05000219/FIN-2012005-022012Q4GreenH.2Self-revealingInadequate Application of Strippable Coating to the Refueling Cavity Liner and the Failure to Configure a Valve in the Leakage Collection System Resulting in Increased Potential for Corrosion on the Exterior of the Drywell Liner Surface in the Sand BedsA self-revealing NCV of 10 CFR 50, Appendix B, Criterion V, Instructions, Procedures, and Drawings, was identified because Exelon procedures and work orders were not effective in preventing refueling cavity leakage from overflowing onto the exterior surface of the drywell liner during the refueling outage (1R24) in November 2012. The performance deficiencies that contributed to the finding were inadequate oversight of the contractors applying a strippable coating to the reactor cavity liner and a valve configuration control error on a temporarily installed leakage collection system.

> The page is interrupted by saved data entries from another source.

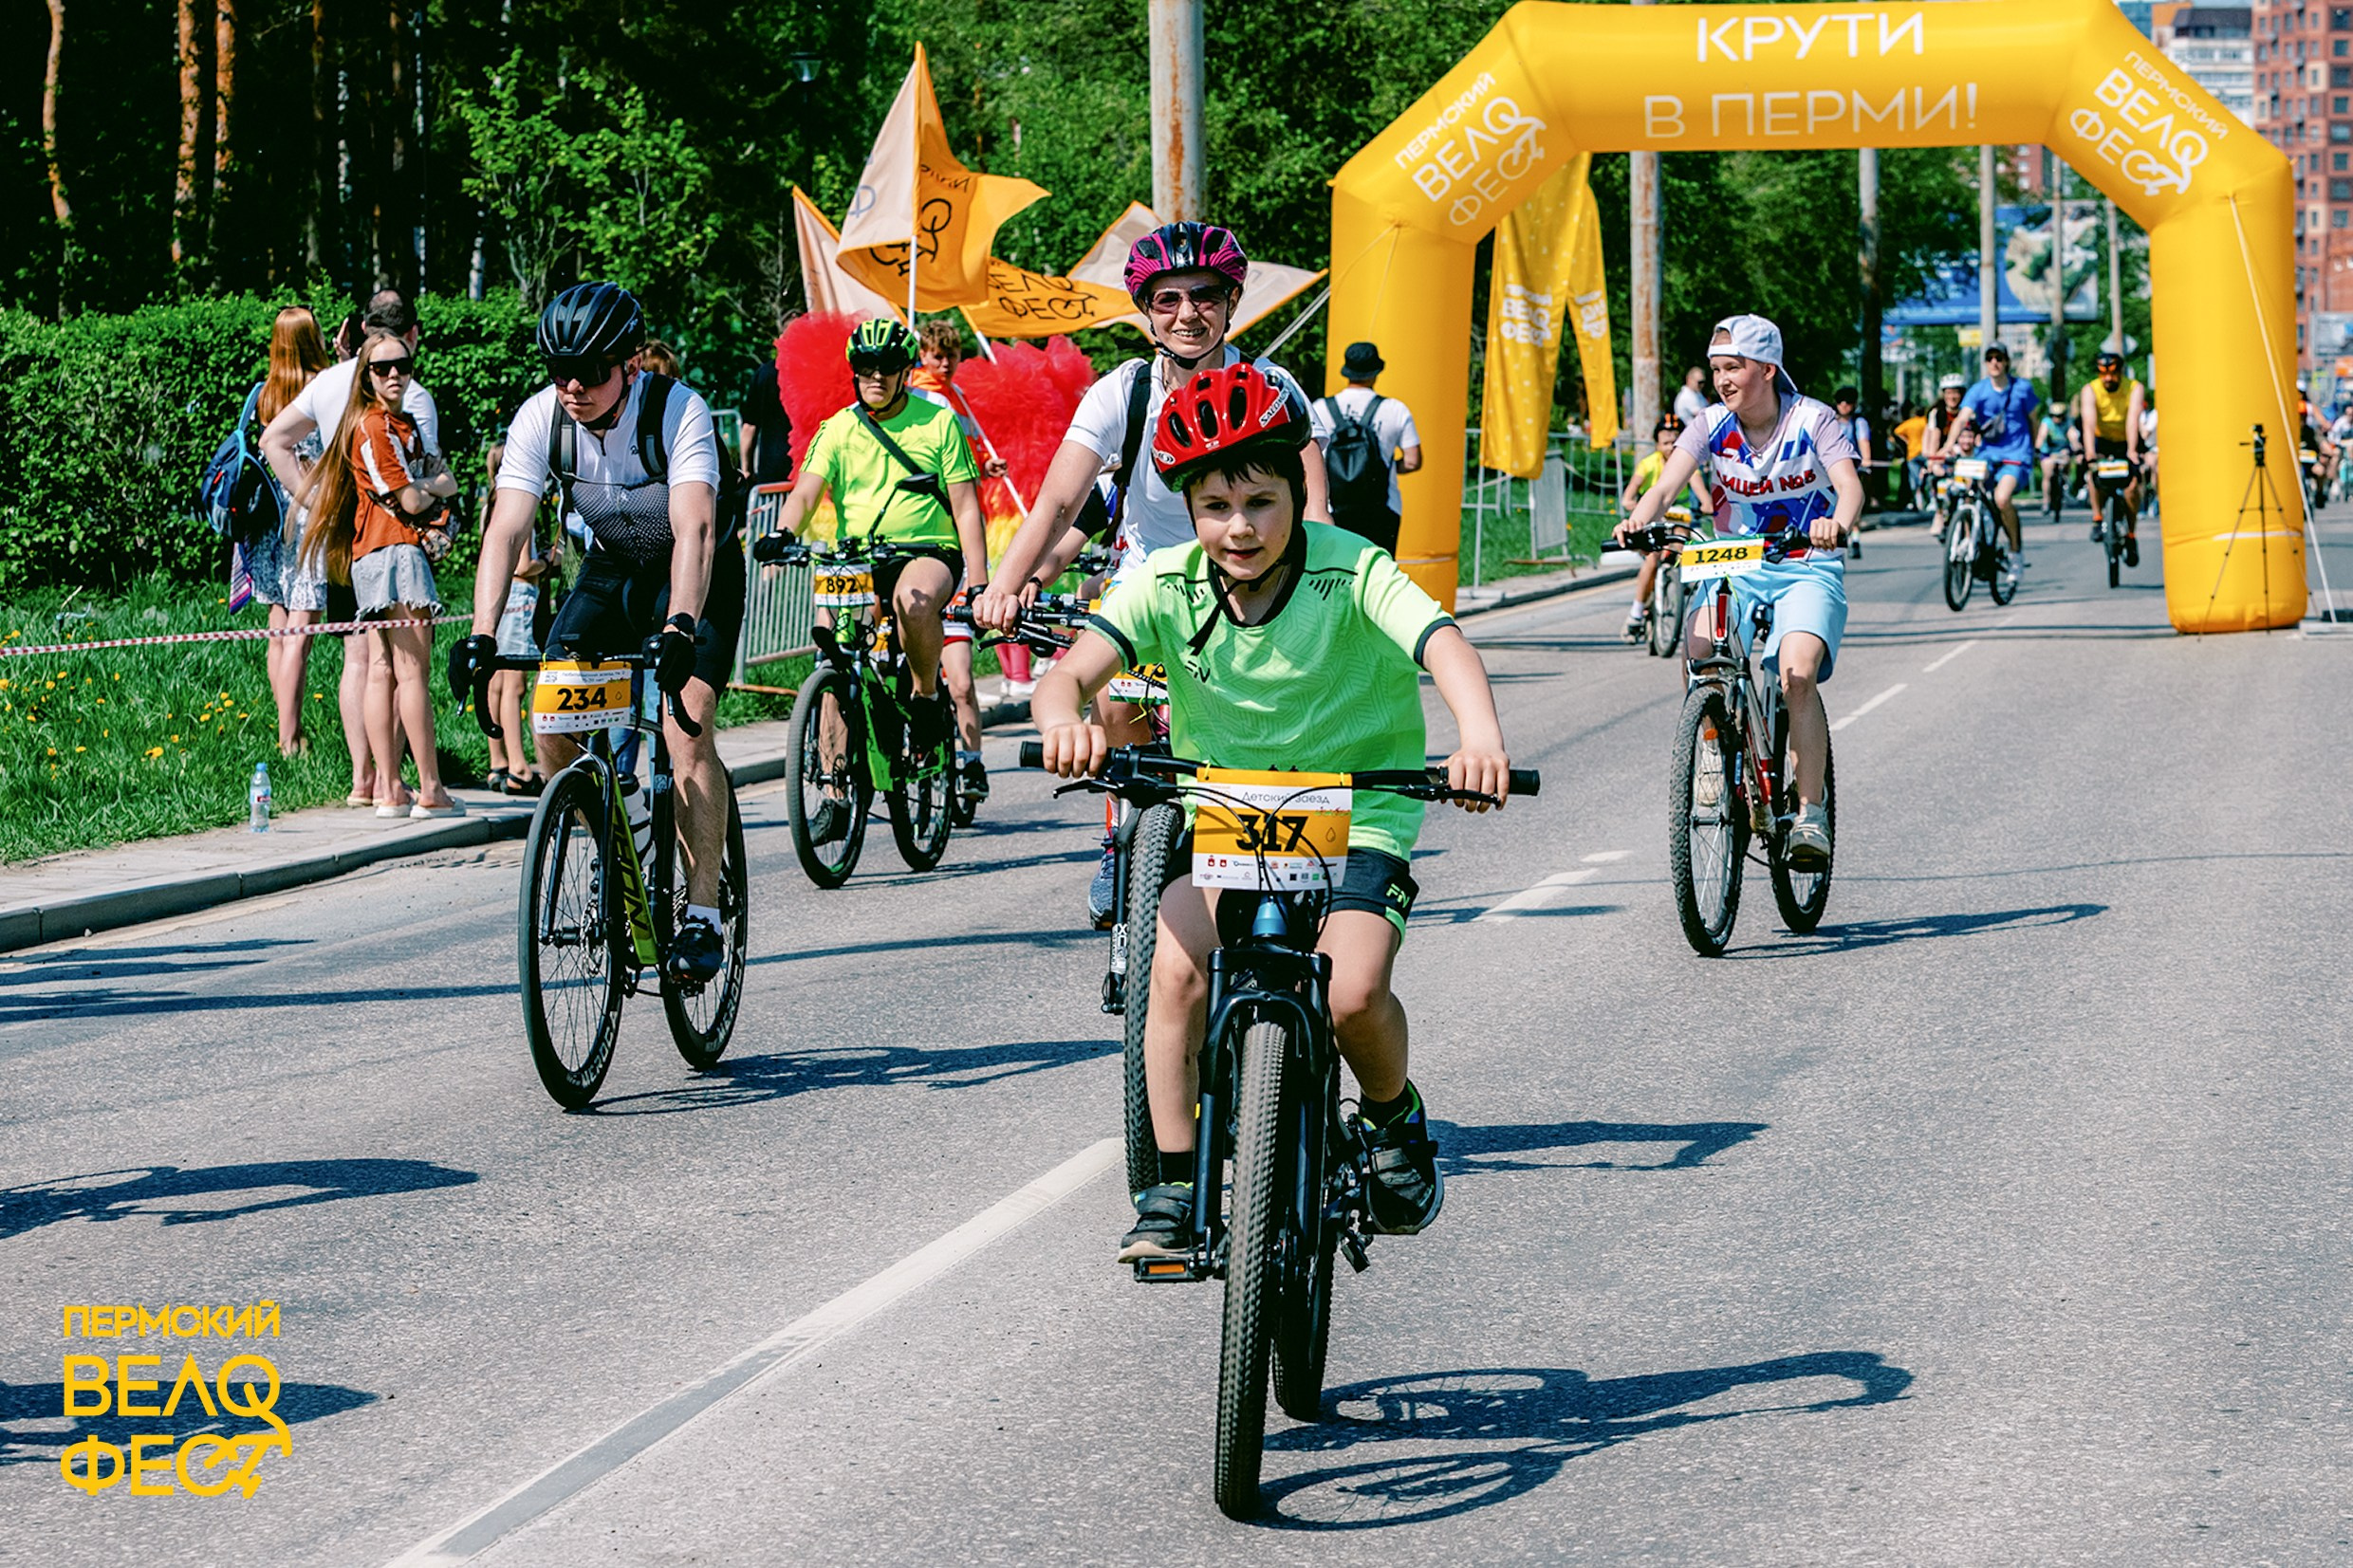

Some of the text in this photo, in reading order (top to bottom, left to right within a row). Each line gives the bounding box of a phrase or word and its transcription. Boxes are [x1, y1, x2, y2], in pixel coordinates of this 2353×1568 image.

[1696, 11, 1924, 63] КРУТИ
[1394, 72, 1496, 170] ПЕРМСКИЙ
[1644, 82, 1977, 138] В ПЕРМИ!
[2123, 50, 2230, 140] ПЕРМСКИЙ
[1411, 96, 1547, 202] ВЕЛО
[2093, 67, 2209, 194] ВЕЛО
[1695, 546, 1748, 564] 1248
[826, 577, 858, 594] 892
[557, 687, 607, 711] 234
[1242, 790, 1291, 804] Детский
[1235, 813, 1309, 853] 317
[581, 1010, 619, 1089] MEROCA

Upon discovery, Exelon took immediate corrective actions to open the leakage collection system filter inlet valve and restore reactor cavity liner leakage flow to the reactor building equipment drain tank. This finding is associated with the barrier integrity cornerstone and is more than minor because, if left uncorrected, this condition would have the potential to lead to a more significant safety concern. Specifically, the continued wetting of the metallic drywell liner surface could provide an environment conducive to corrosion. This finding is not more than very low safety significance because Exelon performs periodic inspections of drywell liner and exterior surface coating to ensure that liner corrosion is monitored and controlled. The inspectors completed the Phase 1 Initial Screening and Characterization of Findings, of Attachment 0609.04 of Inspection Manual Chapter (IMC) 0609, and screened the finding to Green, very low safety significance. Exelon has entered this condition into the corrective action process under IR 1440116. This finding has a crosscutting aspect in the area of Human Performance, Work Practices, for not ensuring supervisory and management oversight of work activities, including contractors and plant personnel, such that nuclear safety is supported regarding the application of the strippable coating on the reactor cavity liner.